Balancing agricultural and hydrologic risk in farming systems of the Chaco plains

Published in Journal of Arid Environments, v. 123:81-92
Authors

Giménez, R., Mercau, J.L., Houspanossian, J. and Jobbágy, E.G.

Publication year 2015
DOI https://doi.org/10.1016/j.jaridenv.2014.09.004
Affiliations

Grupo de Estudios Ambientales &ndash IMASL, Universidad Nacional de San Luis & CONICET, Ejército de los Andes 950, D5700HHW San Luis, Argentina

 

IAI Program

CRN3

IAI Project CRN3095
Keywords

Highlights

•Production and ecohydrologic risks are highly variable across semiarid Chaco.

•Late-summer crops reduce production risk in most of the region.

•Double crop schemes reduce ecohydrologic risk in most drainage-prone areas.
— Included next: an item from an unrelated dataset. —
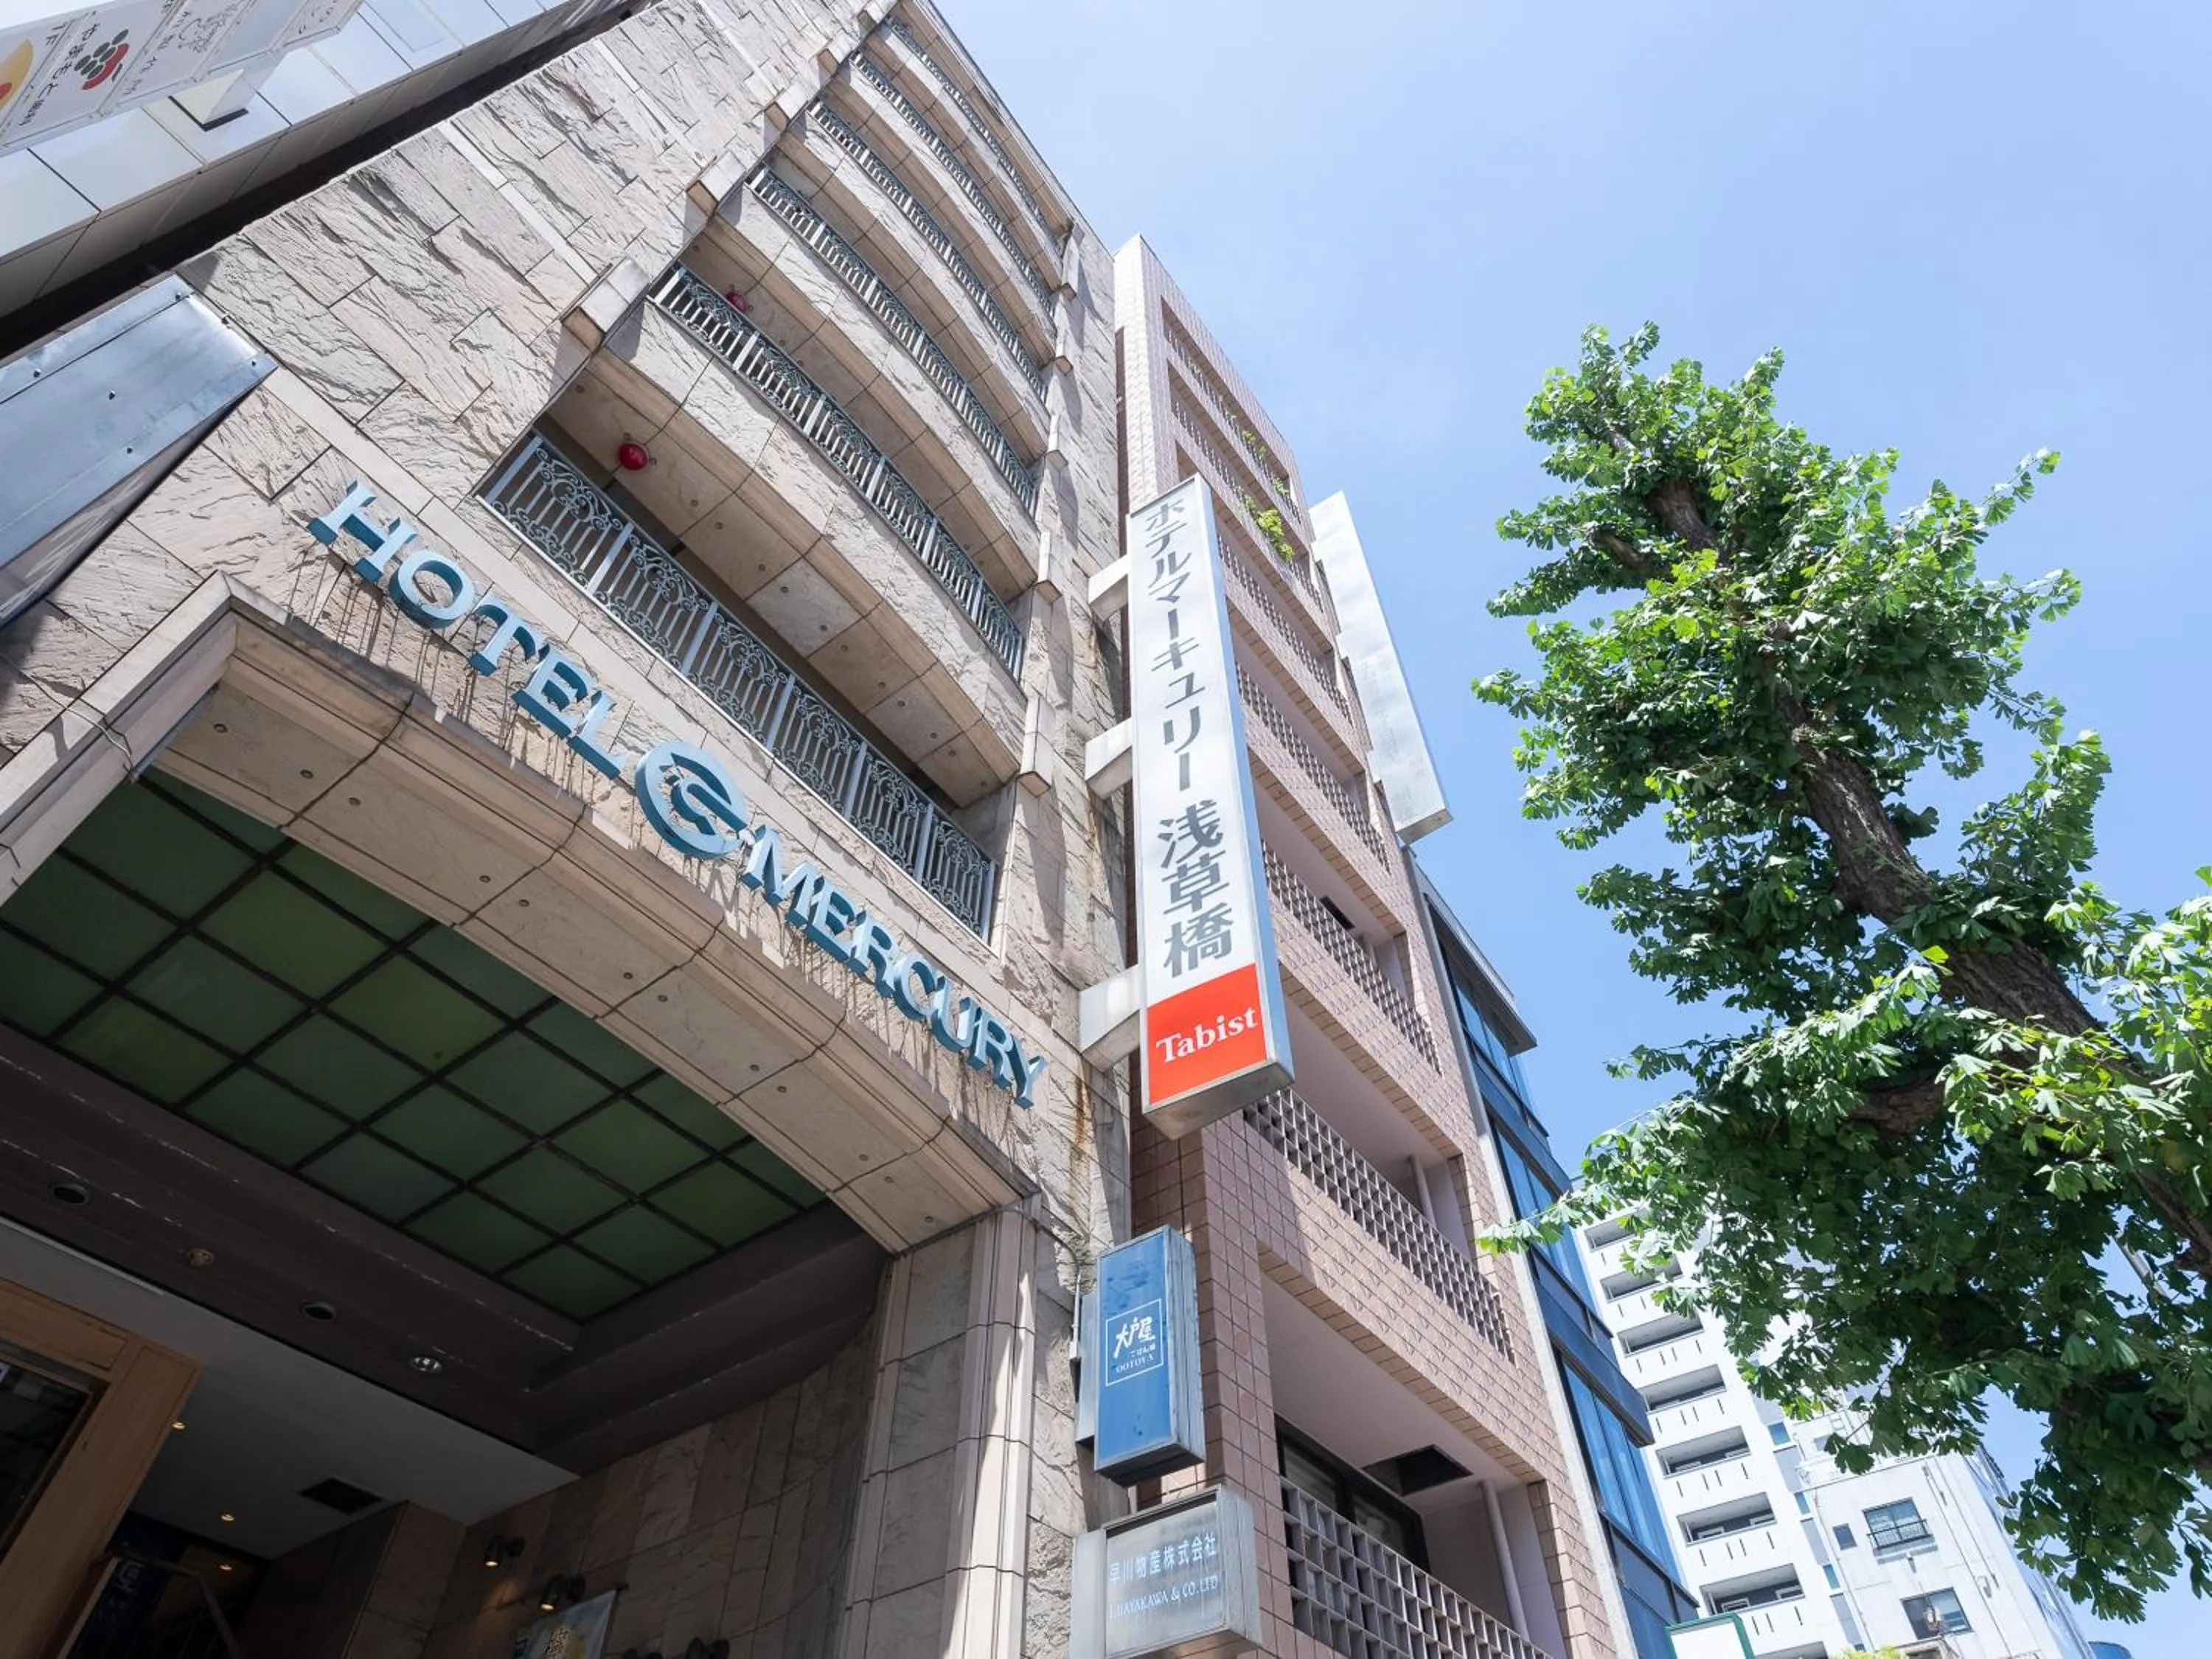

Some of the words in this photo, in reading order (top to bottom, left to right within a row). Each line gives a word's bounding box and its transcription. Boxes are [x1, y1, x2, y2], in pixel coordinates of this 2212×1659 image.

•Flexible crop sequences are useful to manage production and ecohydrologic tradeoffs.

Abstract

Like in other semiarid areas of the world, farming systems in semiarid Chaco tend to use water-conservative crop systems to minimize production risks associated to water stress. While this strategy aims to stabilize crop yields and farmers income, the underutilization of water resources in wet years may result in heavy deep drainage water losses which could potentially lead to the development of dryland salinity. Conversely, more intensive crop systems that consume water exhaustively present lower drainage rates but are more prone to crop failure. We employed a monthly soil water balance approach to analyze the productive and ecohydrologic effects of five different farming systems across the region (winter, spring, summer, late-summer and a winter&ndashsummer double crop system) and to assess the possibility of minimizing emerging trade-offs between them through flexible water-informed cropping sequences. Our results indicate that water stress diminishes as crop systems are delayed towards the rainy season (winter > spring > summer > late-summer), but the productively safer late-summer strategy is the one with highest drainage rates. In most of the region, the relatively high production risk and insignificant drainage probability generally determine the convenience of conservative late-summer systems. However, in areas (or years) with higher amount and/or seasonality of rainfall, more intensive double-crop systems are necessary to minimize the likely high drainage fluxes. As rainfall is highly variable from one year to the other, the knowledge of soil water content at the onset of the season is useful to predict part of the available water offer and to asses expected production and ecohydrologic risks. In the most drainage-prone areas the implementation of flexible sequences that alternate conservative and intensive crop systems depending on soil water status, significantly reduced mean annual drainage with an acceptable increase in mean water stress index.